(Free-text object descriptions)
BEGIN
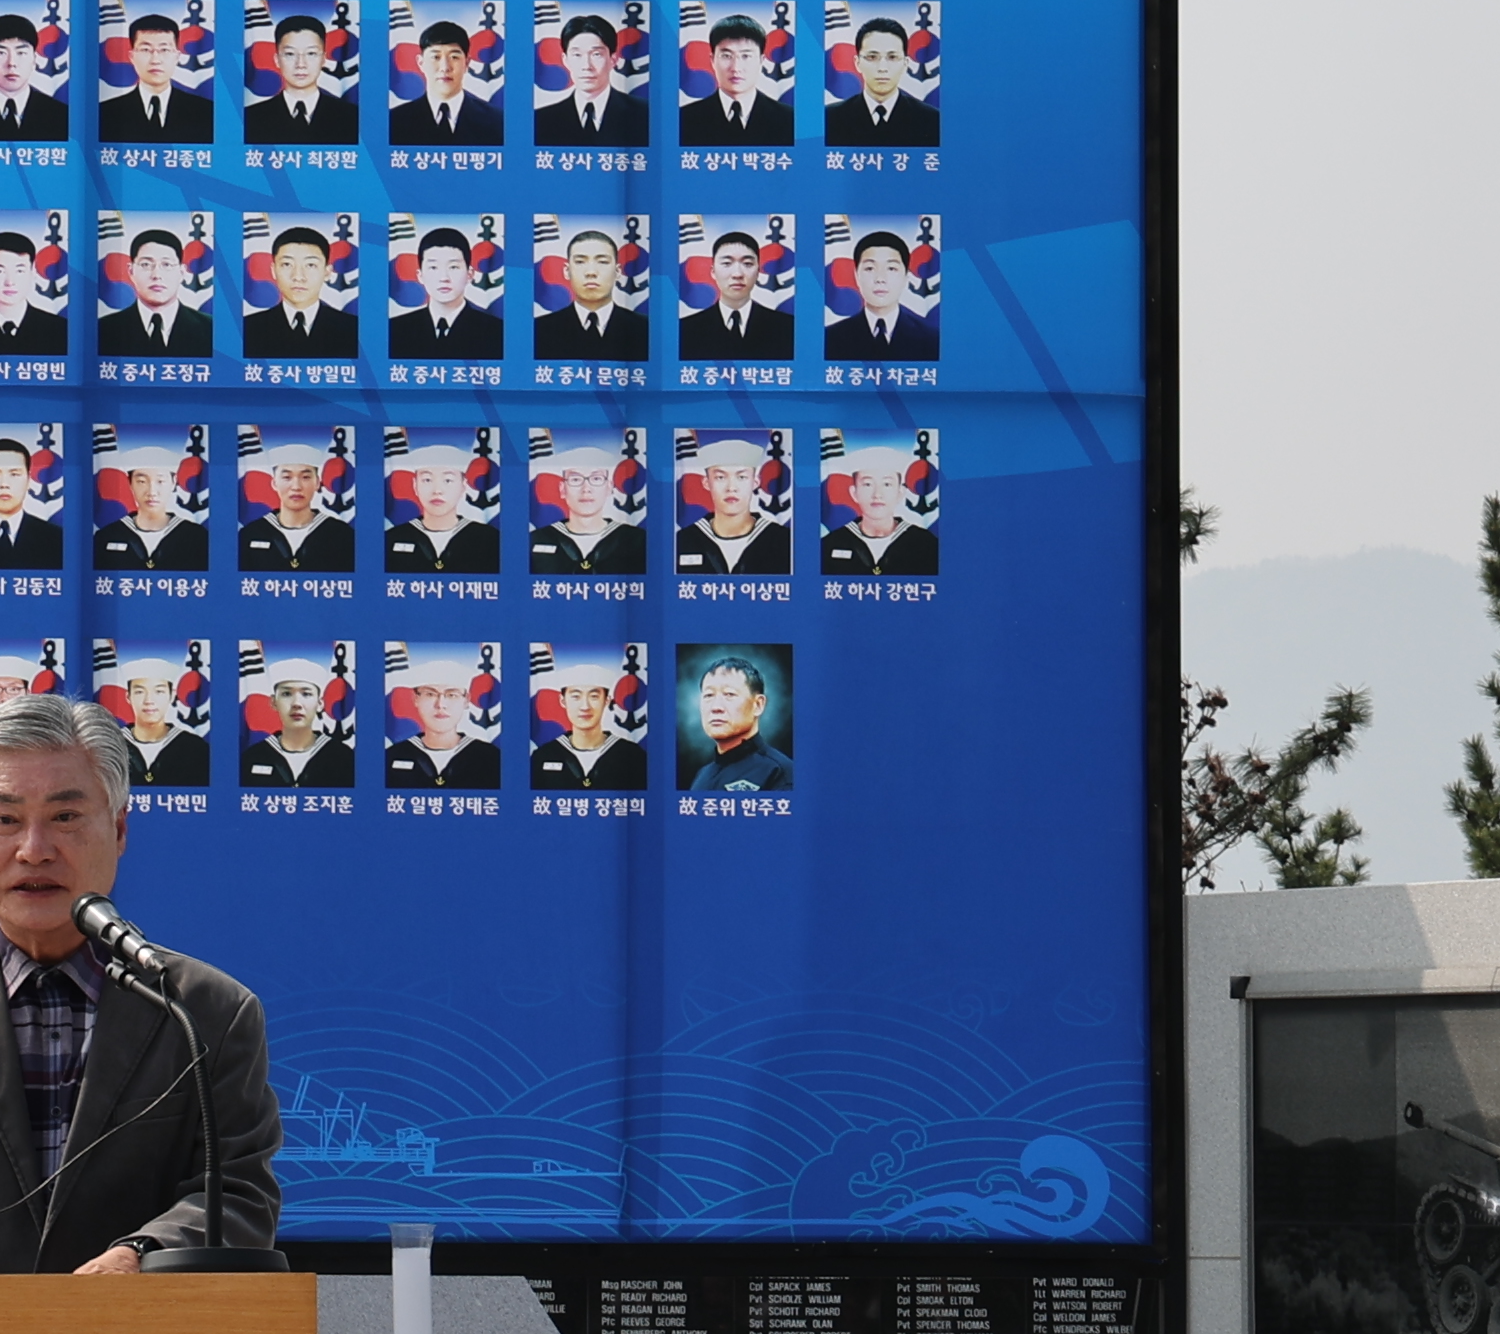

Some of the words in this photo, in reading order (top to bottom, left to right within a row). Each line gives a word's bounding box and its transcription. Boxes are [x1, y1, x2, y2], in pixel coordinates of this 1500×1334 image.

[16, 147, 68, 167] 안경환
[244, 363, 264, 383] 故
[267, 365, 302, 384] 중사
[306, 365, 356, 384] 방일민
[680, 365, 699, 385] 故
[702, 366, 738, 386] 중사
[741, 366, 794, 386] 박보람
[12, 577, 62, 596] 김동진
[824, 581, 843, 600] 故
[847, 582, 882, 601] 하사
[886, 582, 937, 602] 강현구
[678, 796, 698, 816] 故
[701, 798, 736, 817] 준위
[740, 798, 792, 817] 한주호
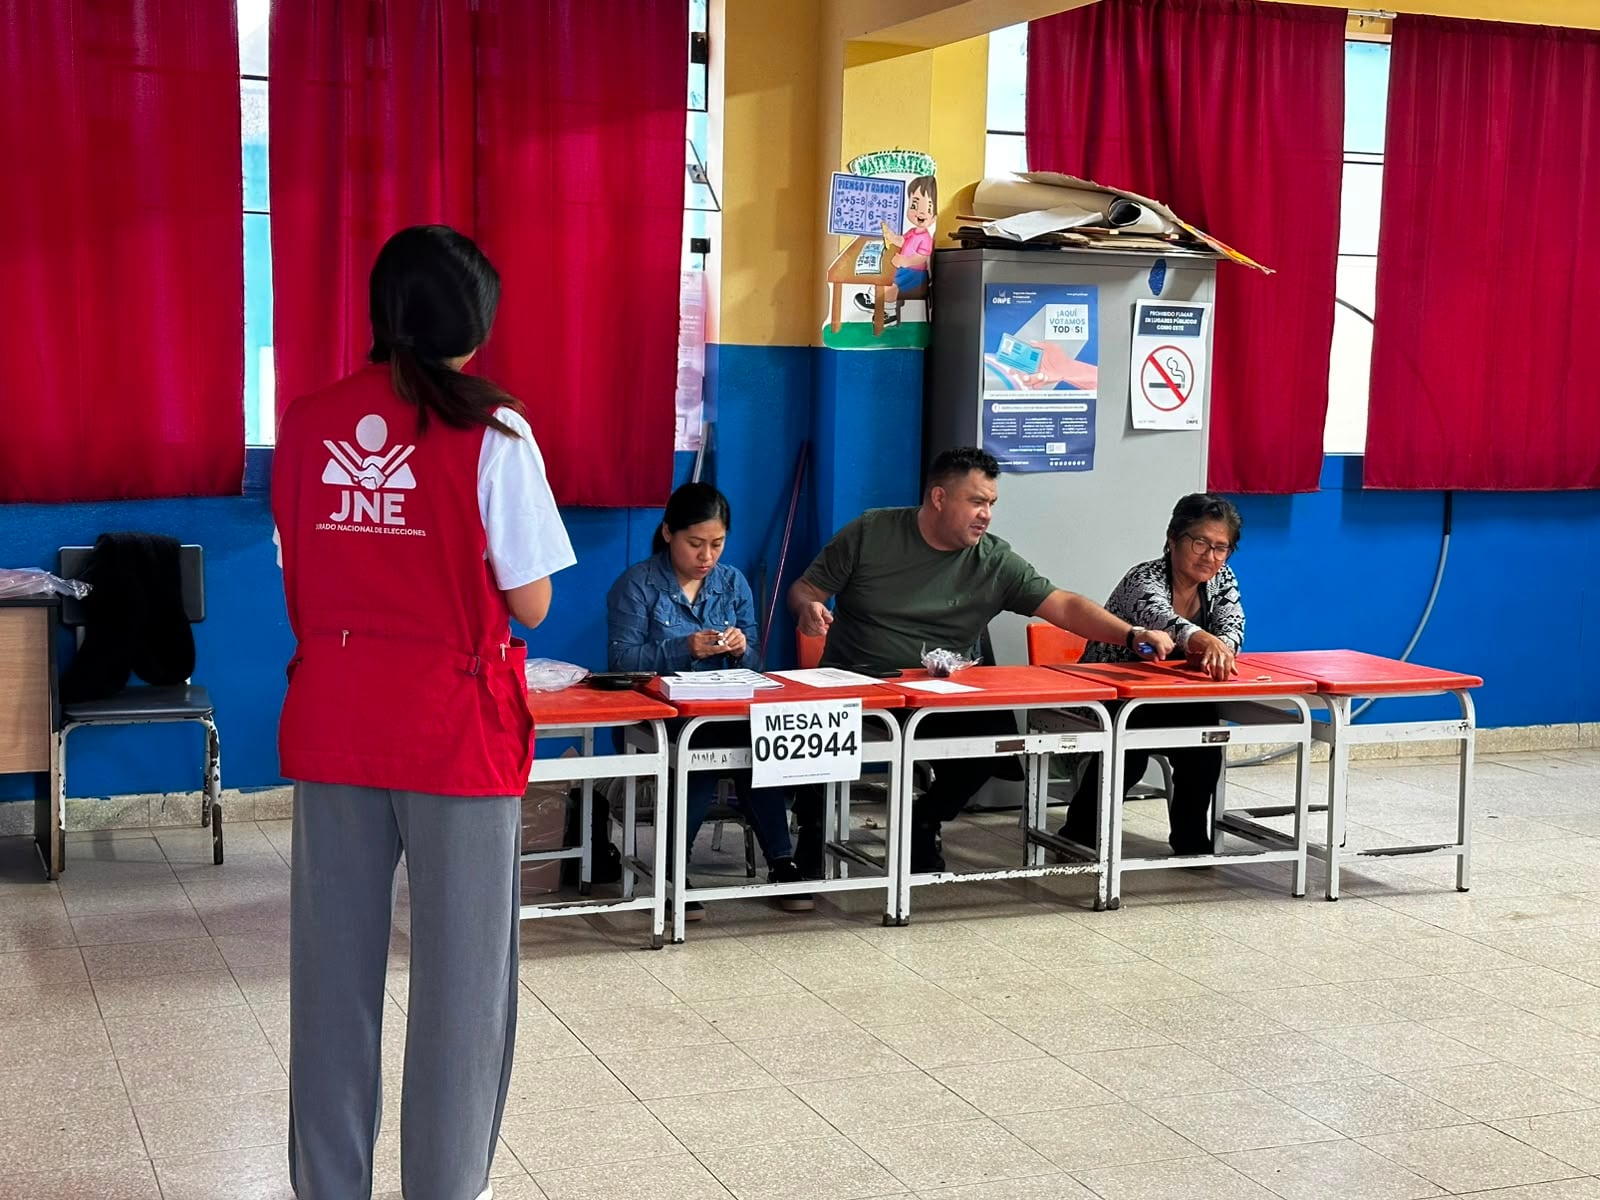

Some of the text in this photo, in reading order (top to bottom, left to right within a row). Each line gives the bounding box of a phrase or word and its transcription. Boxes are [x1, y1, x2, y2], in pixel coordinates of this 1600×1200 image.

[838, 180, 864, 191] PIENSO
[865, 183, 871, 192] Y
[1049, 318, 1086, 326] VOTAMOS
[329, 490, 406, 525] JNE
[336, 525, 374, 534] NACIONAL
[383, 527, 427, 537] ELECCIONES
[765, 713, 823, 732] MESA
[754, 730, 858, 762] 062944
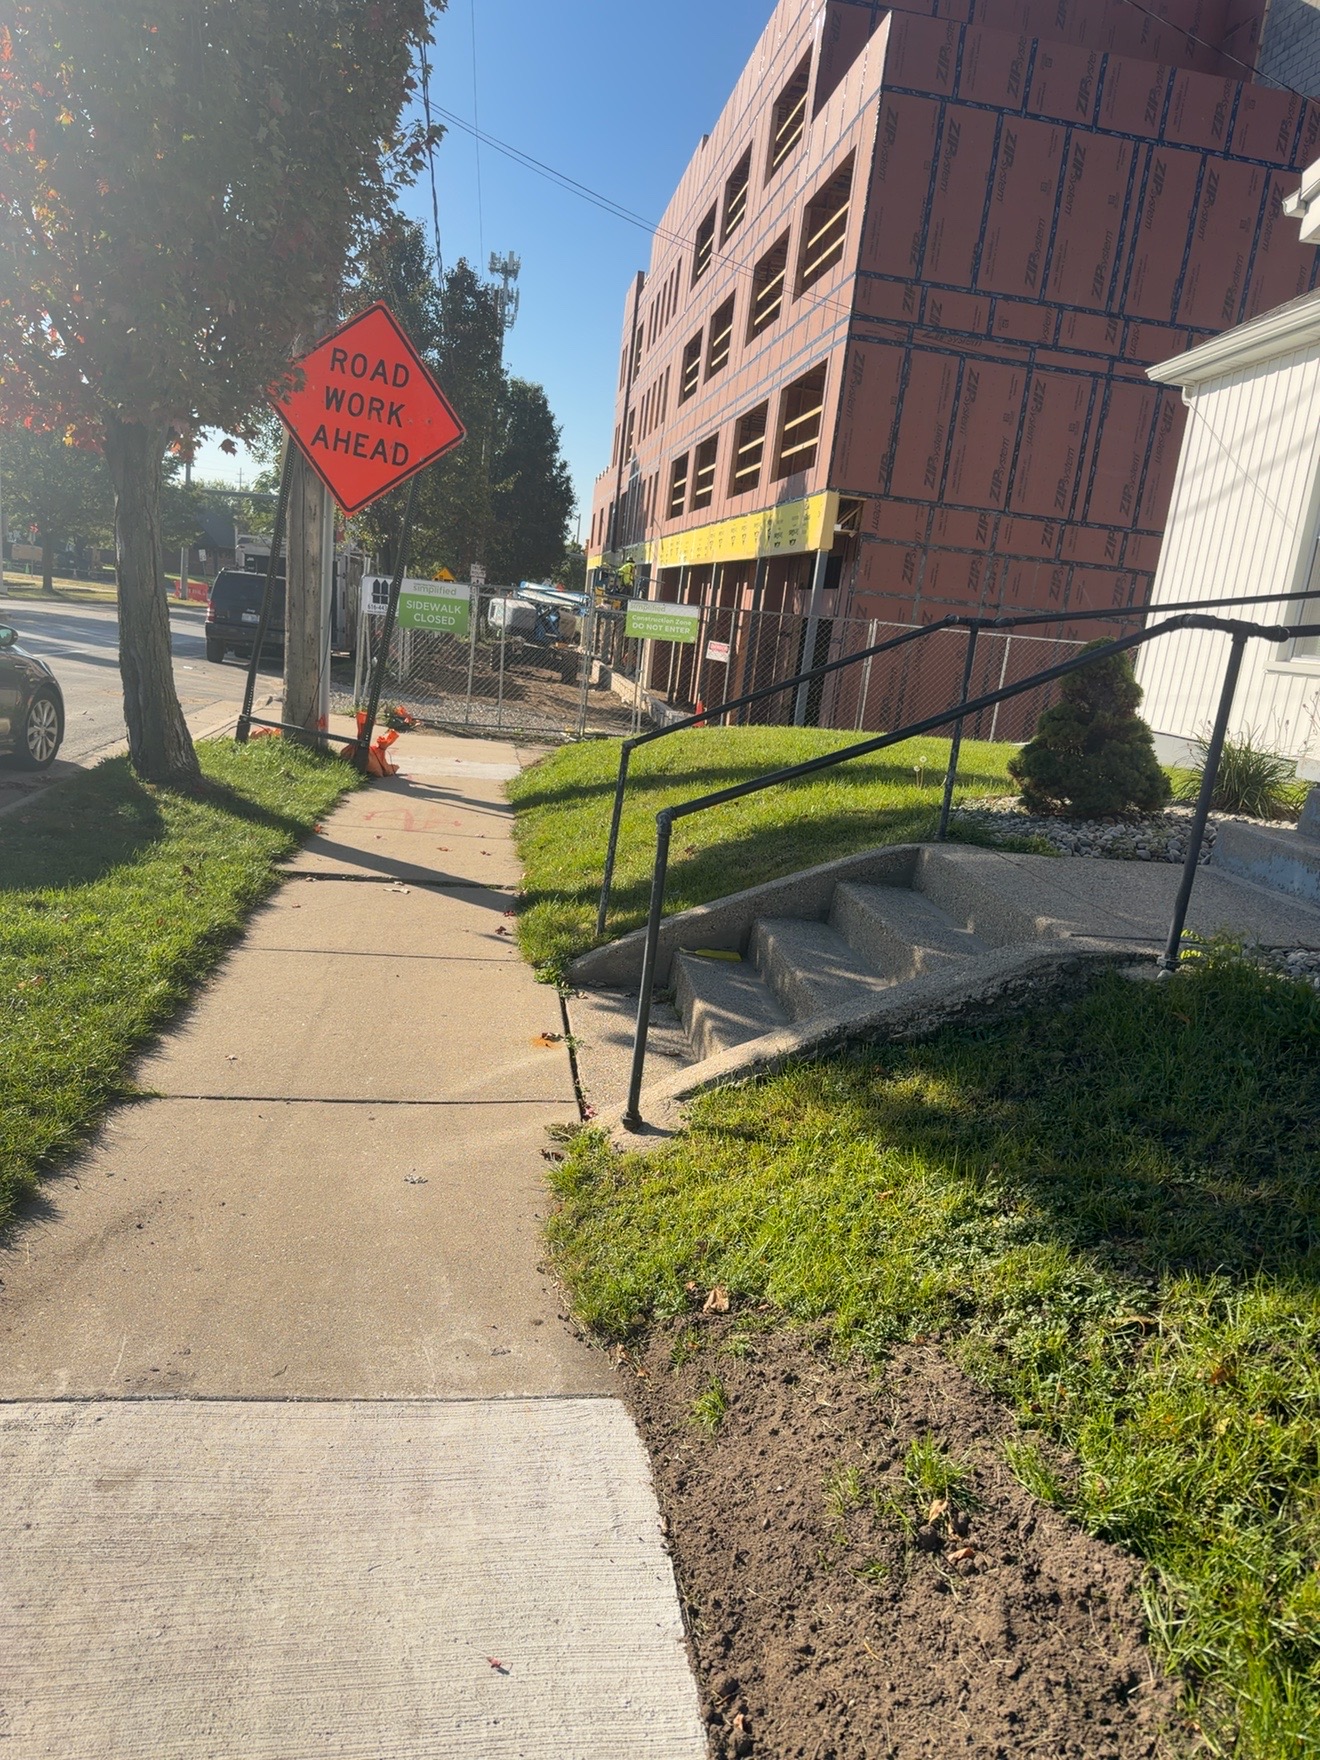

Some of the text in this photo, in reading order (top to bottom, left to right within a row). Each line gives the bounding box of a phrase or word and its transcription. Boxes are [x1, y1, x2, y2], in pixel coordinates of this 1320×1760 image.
END
Problem statement:
Reproduce, exactly and with no pictures, the lines from the line containing "this 1600×1200 image." through the closing line of the data above, keeping both ends.

Solution for this problem:
Some of the text in this photo, in reading order (top to bottom, left to right within a row). Each line gives the bounding box of a phrase or word and its transcription. Boxes are [x1, y1, x2, y2], in pixel coordinates of this 1600×1200 image.

[838, 180, 864, 191] PIENSO
[865, 183, 871, 192] Y
[1049, 318, 1086, 326] VOTAMOS
[329, 490, 406, 525] JNE
[336, 525, 374, 534] NACIONAL
[383, 527, 427, 537] ELECCIONES
[765, 713, 823, 732] MESA
[754, 730, 858, 762] 062944

Some of the text in this photo, in reading order (top to bottom, left to right within a row). Each line gives the bounding box of a phrase or word and its transcription. Boxes are [x1, y1, x2, y2], in pixel coordinates of this 1320×1760 image.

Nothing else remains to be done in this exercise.